→ **What the task requires**
Copy every entry below exactly as it appears, leaving out the images.

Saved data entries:
- - -
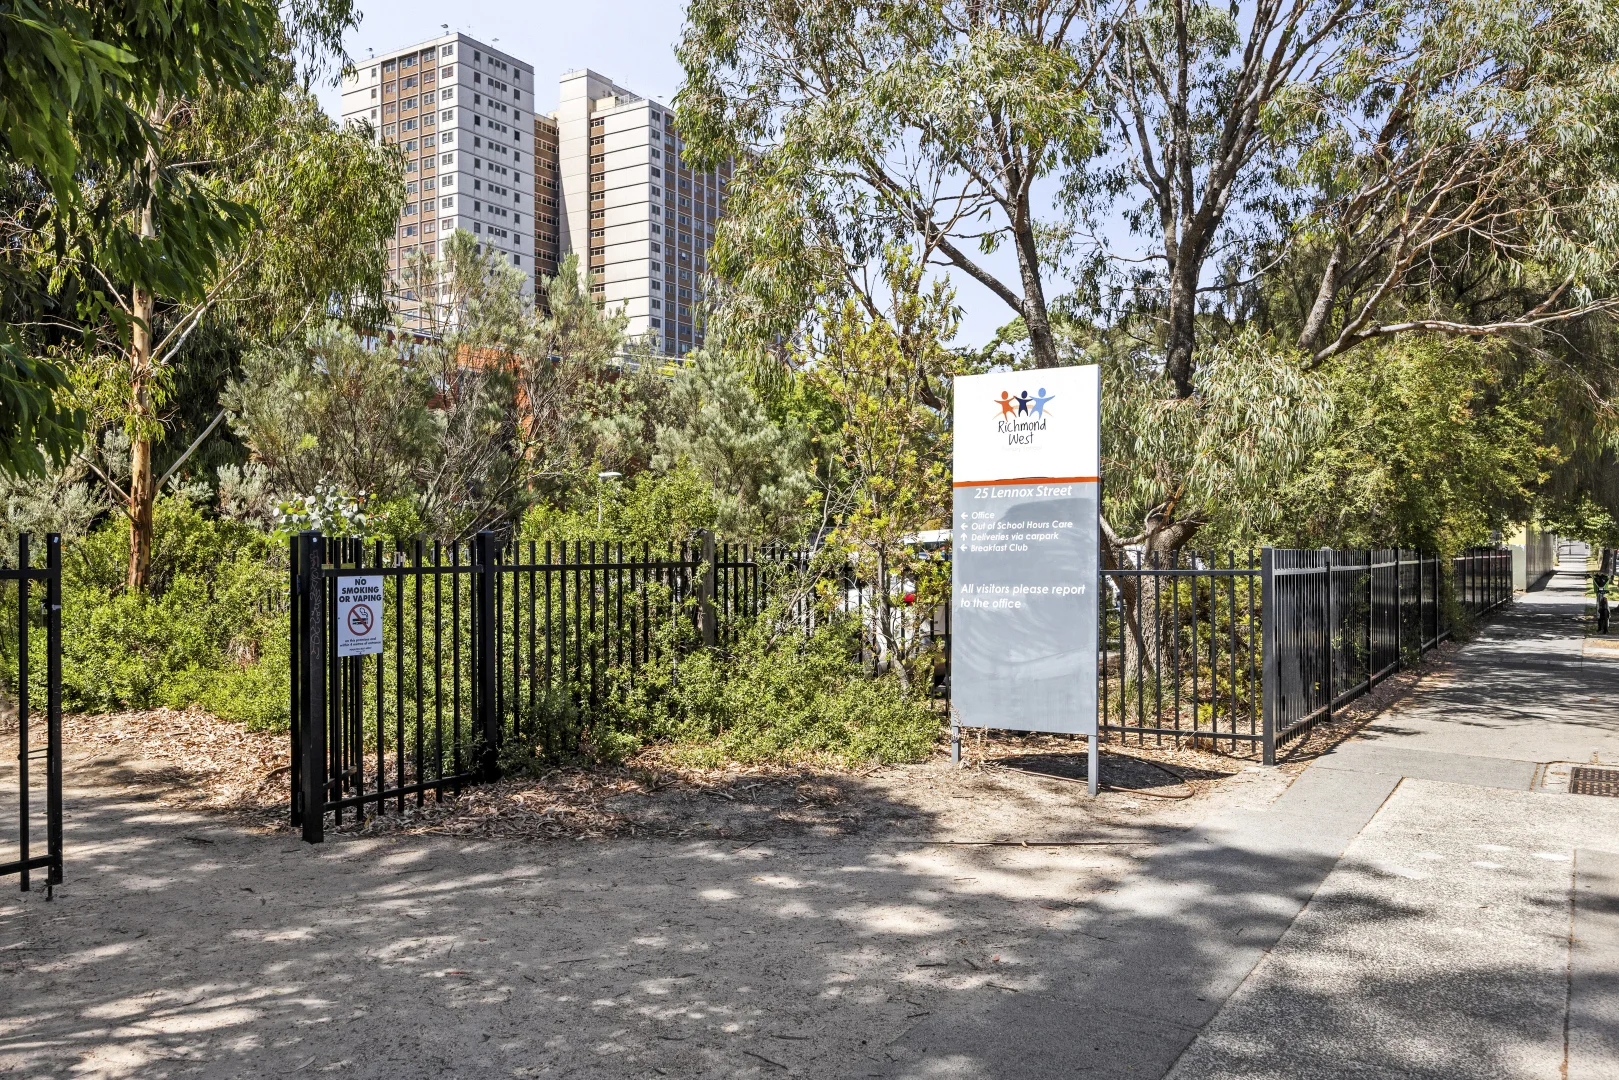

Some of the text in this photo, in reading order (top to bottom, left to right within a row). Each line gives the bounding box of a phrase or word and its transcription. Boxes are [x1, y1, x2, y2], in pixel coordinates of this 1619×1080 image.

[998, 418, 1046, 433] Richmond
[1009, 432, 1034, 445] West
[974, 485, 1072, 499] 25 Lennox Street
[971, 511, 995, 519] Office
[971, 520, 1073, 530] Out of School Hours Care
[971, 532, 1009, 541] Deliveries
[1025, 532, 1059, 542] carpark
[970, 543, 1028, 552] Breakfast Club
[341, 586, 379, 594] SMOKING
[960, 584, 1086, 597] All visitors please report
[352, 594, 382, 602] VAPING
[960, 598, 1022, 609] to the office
- - -
→ **Task output**
Some of the text in this photo, in reading order (top to bottom, left to right within a row). Each line gives the bounding box of a phrase or word and its transcription. Boxes are [x1, y1, x2, y2], in pixel coordinates of this 1619×1080 image.

[998, 418, 1046, 433] Richmond
[1009, 432, 1034, 445] West
[974, 485, 1072, 499] 25 Lennox Street
[971, 511, 995, 519] Office
[971, 520, 1073, 530] Out of School Hours Care
[971, 532, 1009, 541] Deliveries
[1025, 532, 1059, 542] carpark
[970, 543, 1028, 552] Breakfast Club
[341, 586, 379, 594] SMOKING
[960, 584, 1086, 597] All visitors please report
[352, 594, 382, 602] VAPING
[960, 598, 1022, 609] to the office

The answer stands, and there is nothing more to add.